No one who has ever set foot below the Mason-Dixon line would ever dream of calling this Jambalaya. I certainly wouldn’t. My mother-in-law, who lived in Baton Rouge for a time, makes the real deal…but it is just a bit spicy for the younglings.
This is my milded-down version, that the youngling will eat, mostly because bacon is involved.
12 oz pkg bacon, cut crossways into small strips
1/2 large red onion, diced
4-5 stalks celery, diced
3 cups rice
32 oz chicken broth or chicken stock
2 cups water
1 filet cod, diced (optional) (you guessed it, leftovers work well here)
2 tsp garlic powder
1 tsp Old Bay seasoning blend
kosher salt (added at end to taste, if needed)
2 Tbs butter
In a large skillet with well-fitting lid…

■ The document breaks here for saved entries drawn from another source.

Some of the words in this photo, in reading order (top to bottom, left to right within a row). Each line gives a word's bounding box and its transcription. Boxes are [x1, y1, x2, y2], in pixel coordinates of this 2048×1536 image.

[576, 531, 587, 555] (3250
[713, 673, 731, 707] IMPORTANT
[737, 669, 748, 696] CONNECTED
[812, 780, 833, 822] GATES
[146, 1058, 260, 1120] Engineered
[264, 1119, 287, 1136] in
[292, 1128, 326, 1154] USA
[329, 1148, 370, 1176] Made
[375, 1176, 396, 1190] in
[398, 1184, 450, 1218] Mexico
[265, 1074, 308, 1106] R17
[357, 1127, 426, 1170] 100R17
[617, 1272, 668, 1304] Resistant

melt butter, and add celery with a pinch of salt. Cover and sweat for 5-10 minutes. Stir in onions, cover and sweat an additional 5 minutes. Remove lid, add bacon and cook uncovered over medium heat until bacon is browned. The celery and onion will be pretty much cooked into oblivion…but you can’t let the kids see there are vegetables in this for goodness’ sake! Stir in fish if used, and sautee for 5 minutes or until fish is largely done. Stir in rice, Old Bay, and garlic powder. Stir and continue to warm rice in meat and seasonings for a few minutes until garlic and old bay become fragrant (photo above). Add chicken broth and water. Reduce heat, cover and simmer for 15 minutes, stirring occasionally. Remove from heat, do not remove cover, and allow to sit for 5 minutes until all liquid is absorbed and rice is soft.

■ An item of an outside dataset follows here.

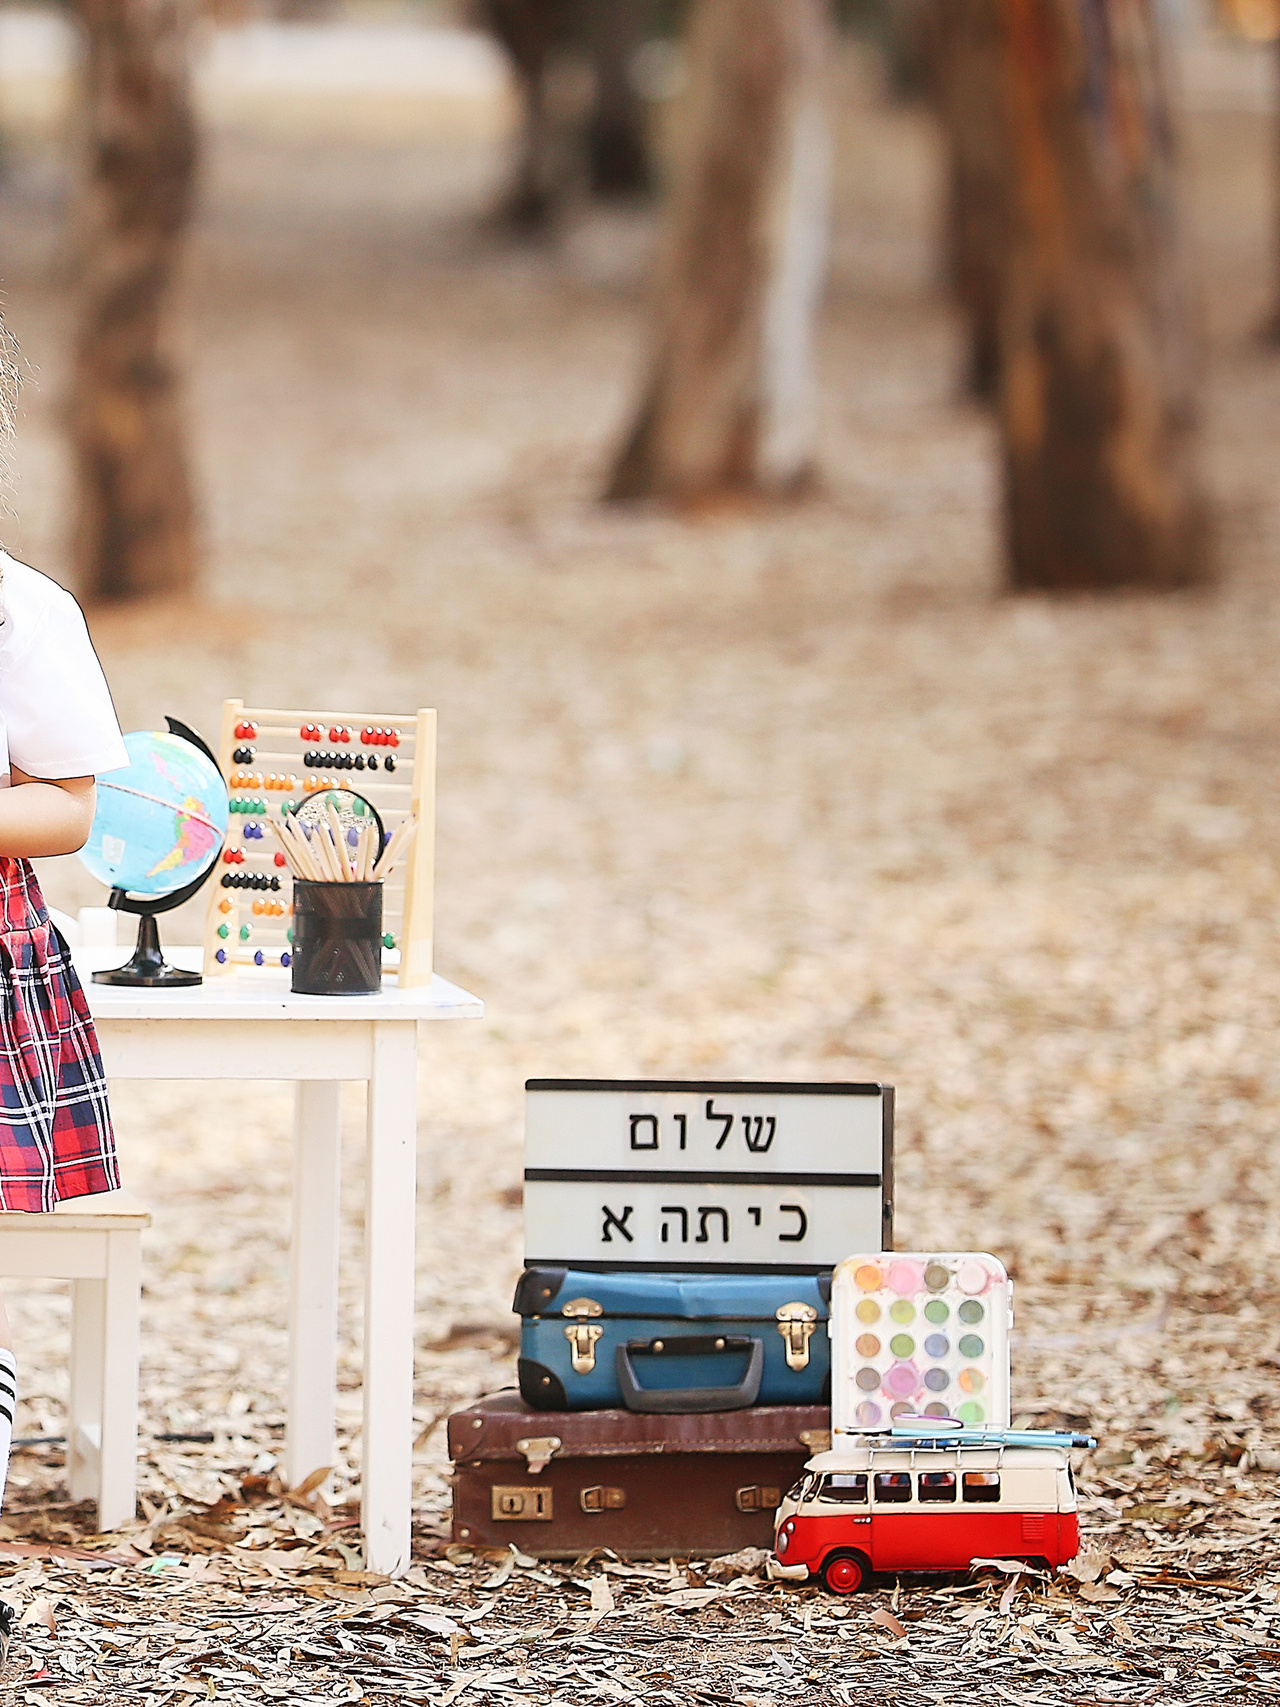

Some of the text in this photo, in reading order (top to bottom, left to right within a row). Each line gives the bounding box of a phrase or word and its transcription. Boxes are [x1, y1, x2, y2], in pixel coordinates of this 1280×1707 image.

[629, 1099, 776, 1152] שלום
[601, 1204, 808, 1242] כיתה א

This is NOT a lowfat or lipid-friendly dish. It will clog an artery, but you’ll be smiling while it does. If you want to be glycemic friendly, you can use brown rice, but liquid amounts and cooking time will have to be increased accordingly. Even using white rice (medium grain calrose rice is my favorite), the protein and the fiber from the veggies will help bring down the glycemic index a little bit. The good news is that it is very filling, and you may not want a lot of it.